▶ _Work order_:
Write the records out exactly as they read, but not the pictures.

▶ _Entries supplied_:
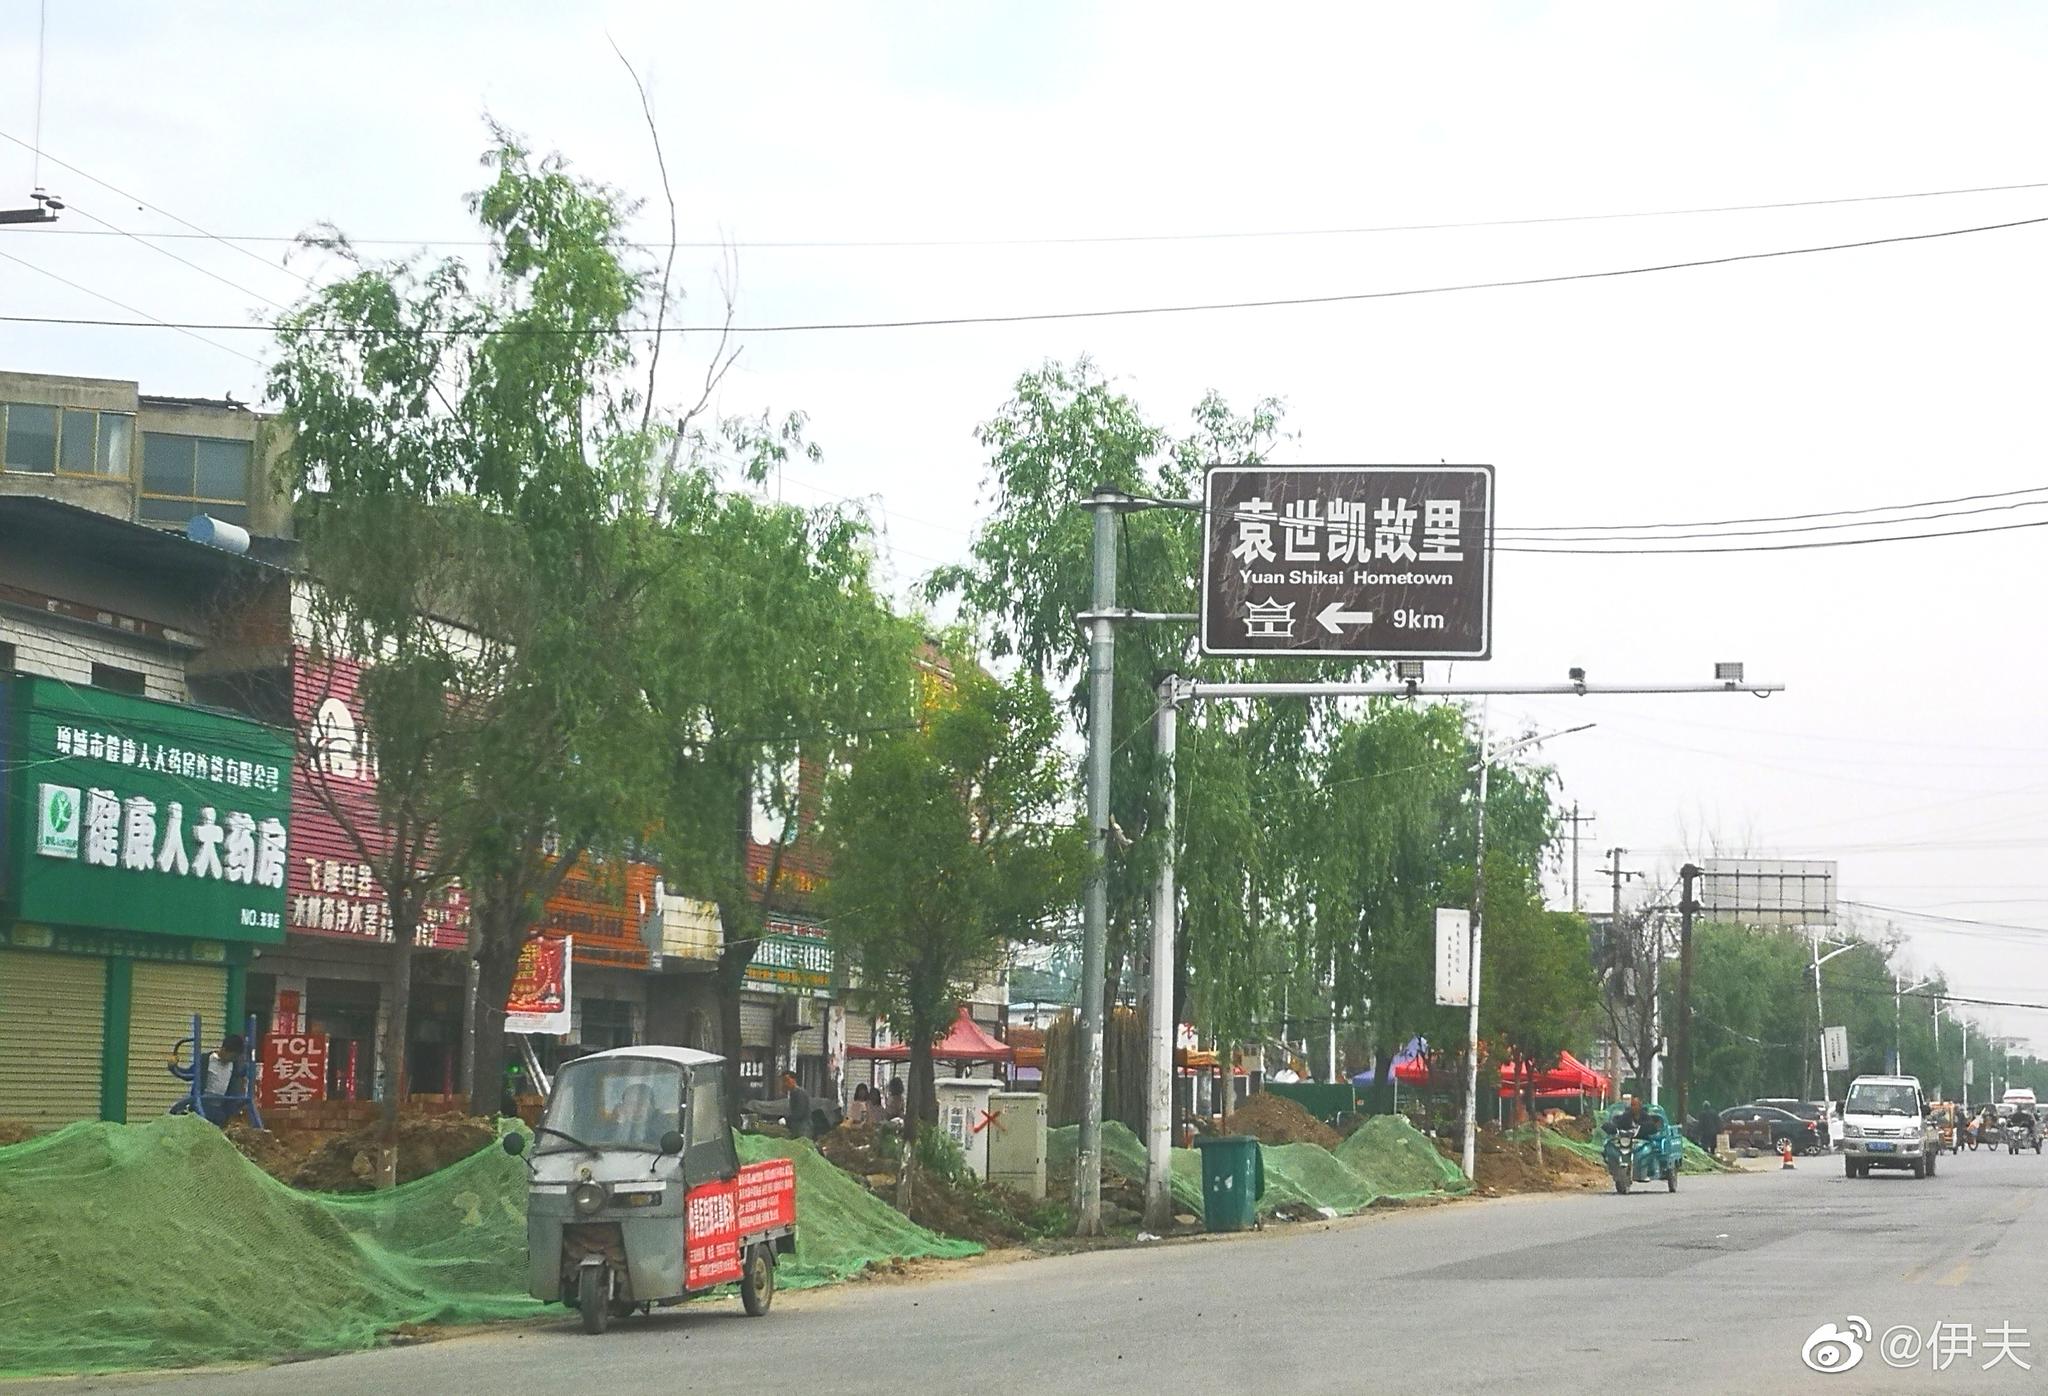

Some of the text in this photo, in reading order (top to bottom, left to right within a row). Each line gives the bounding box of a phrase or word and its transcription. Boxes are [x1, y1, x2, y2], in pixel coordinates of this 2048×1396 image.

[1232, 498, 1464, 564] 袁世凯故里
[1240, 570, 1453, 584] Yuan Shikai Hometown
[1393, 609, 1444, 629] 9km
[85, 787, 287, 888] 健康人大药房
[272, 1038, 322, 1055] TCL

▶ _Answer space_:
Some of the text in this photo, in reading order (top to bottom, left to right within a row). Each line gives the bounding box of a phrase or word and its transcription. Boxes are [x1, y1, x2, y2], in pixel coordinates of this 2048×1396 image.

[1232, 498, 1464, 564] 袁世凯故里
[1240, 570, 1453, 584] Yuan Shikai Hometown
[1393, 609, 1444, 629] 9km
[85, 787, 287, 888] 健康人大药房
[272, 1038, 322, 1055] TCL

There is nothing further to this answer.